Topic: AES Keywrap Alogrithm
I am trying to implement the key wrap AES Key Wrap Specification described in csrc.nist.gov/groups/ST/toolkit/documents/kms/key-wrap.pdf
I am just trying to get the "encrypt" part to work right now with wolfSSL embedded SSL, and am using the "alternate algorithm."
The key wrap algorithm contains multiple AES encrypting iterations. The document gives you known values for the example inputs (located at the end of the document), but I am having no success getting it to work for the first iteration.
In the key wrap document, they say:
B = AES K (A | Ri )
Which is basically saying do an AES encryption with key K on the concatenated data, A (the initialization vector) and the i-th 64 bit data block of the data.
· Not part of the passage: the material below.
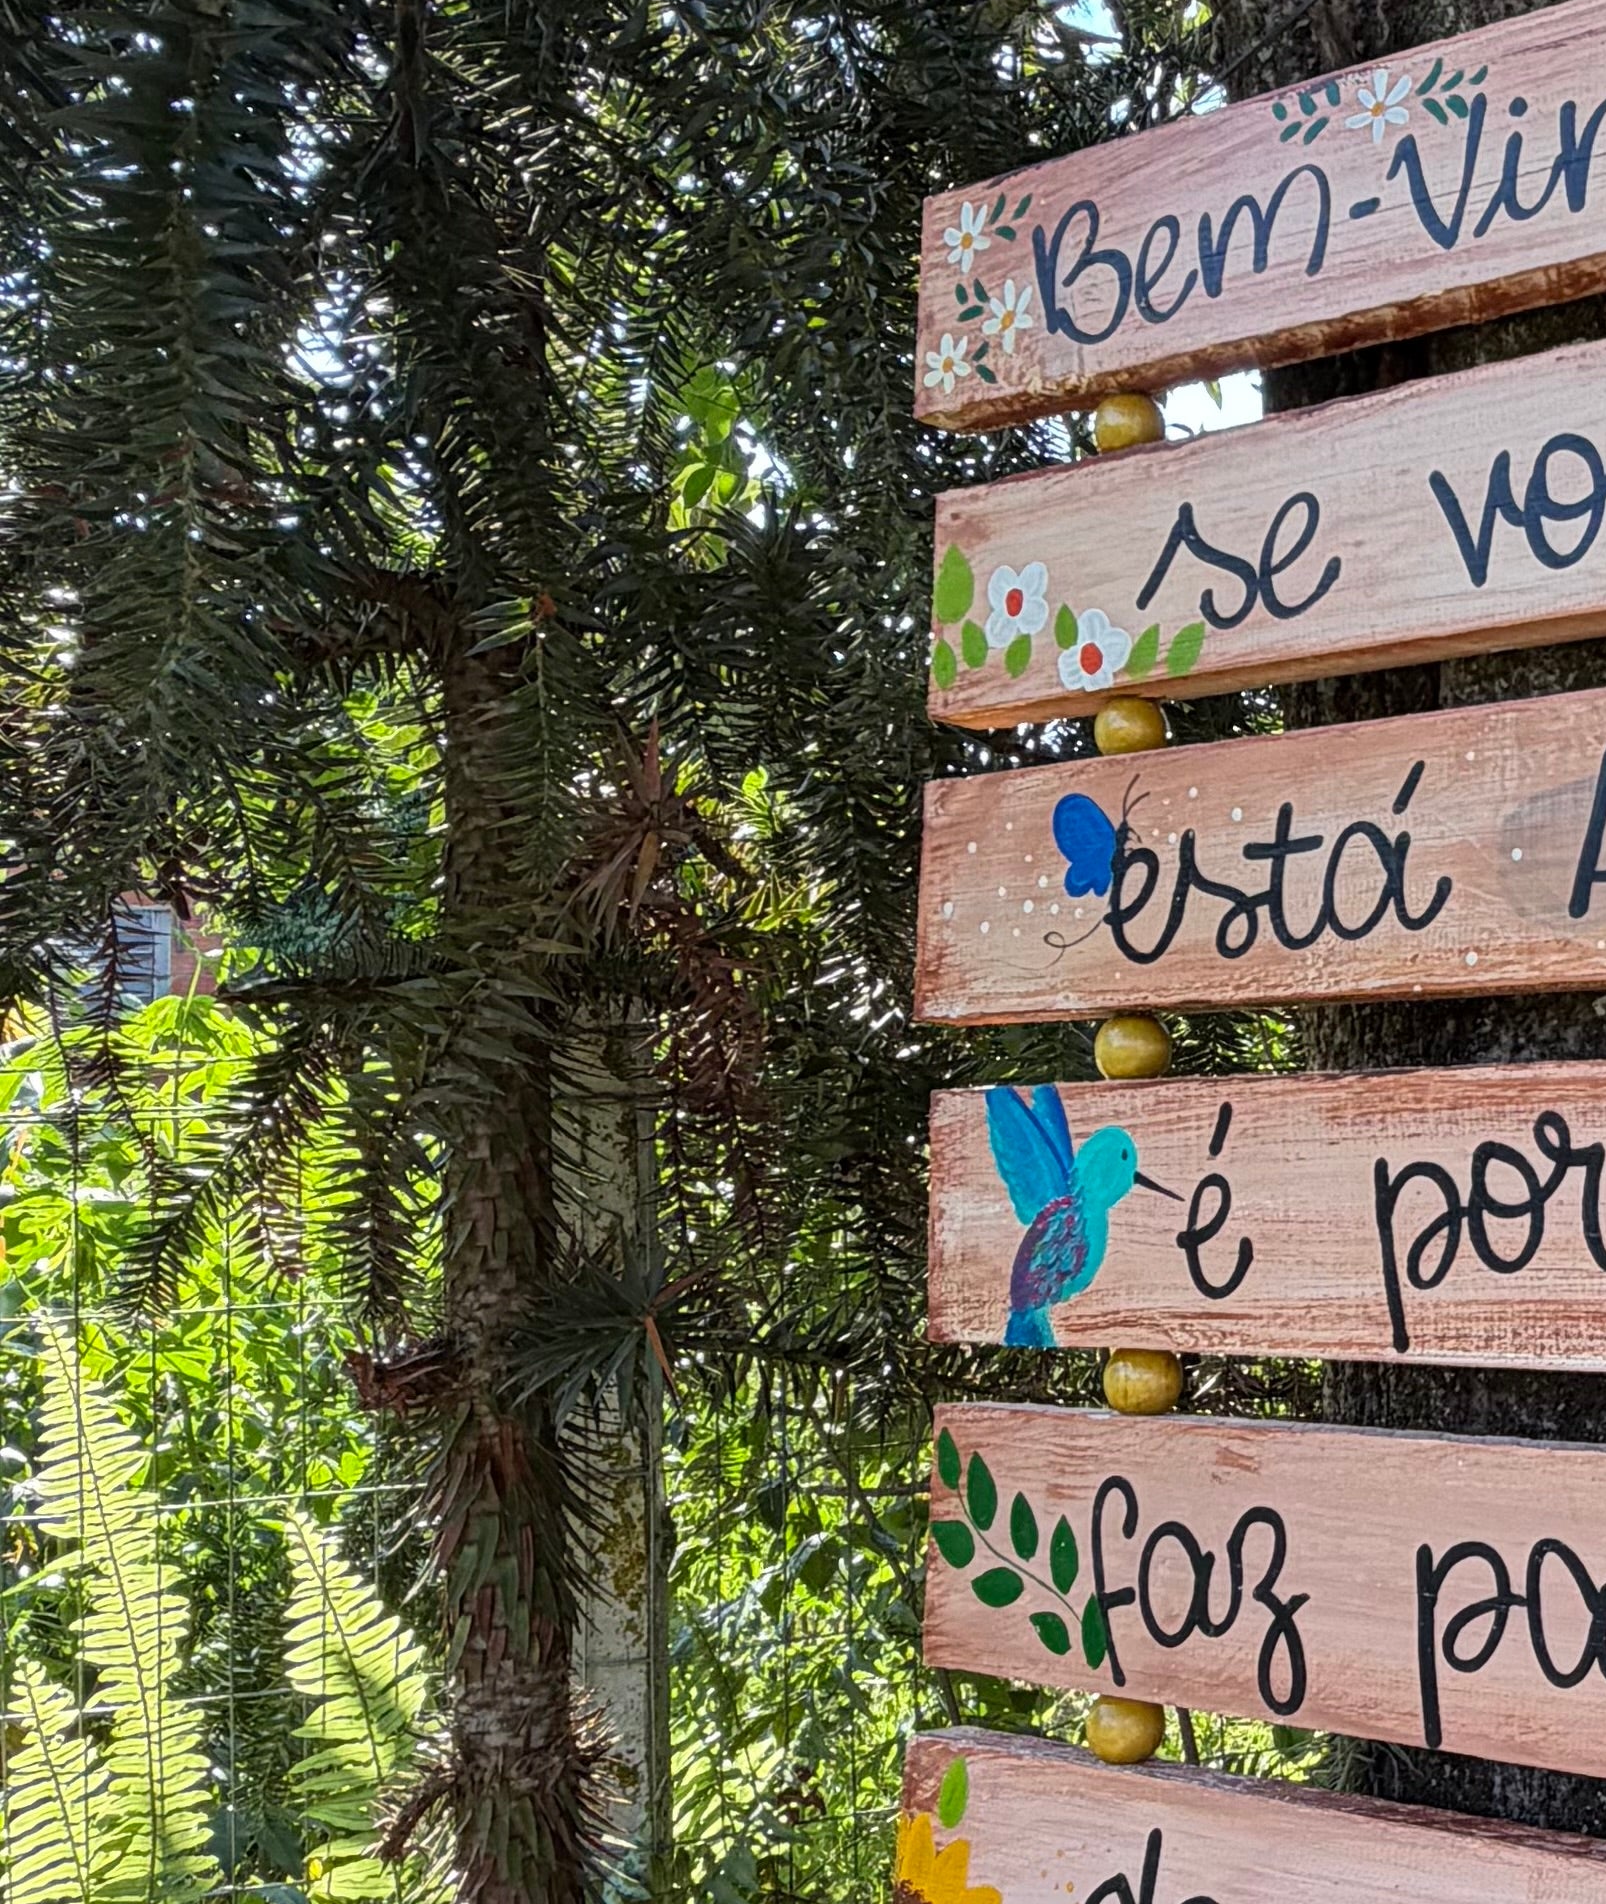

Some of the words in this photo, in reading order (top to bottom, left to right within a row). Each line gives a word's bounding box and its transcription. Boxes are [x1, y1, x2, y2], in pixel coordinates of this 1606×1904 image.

So for the first iteration, the i-th data would be the first 64 bits of the data to be wrapped. And then put the encrypted data in B.
I see when I call AesSetKey(...) I am passing it the Initialize Vector (A). And when I call Aes...Encrypt(...) I do not pass it the IV.
Does the code automatically concatenate the IV onto the beginning of the data when you call Aes...Encrypt(...)? Or do I still need to handle that concatenation myself? If the latter, how does the IV get used in Aes...Encrypt(...)?
Also, I'm not sure which Aes...Encrypt(...) to use (CBC, CTR, GCM, etc) for this. It says "codebook" which is another kind you apparently don't support, but it also say it isn't a good one to use on the wikipedia page.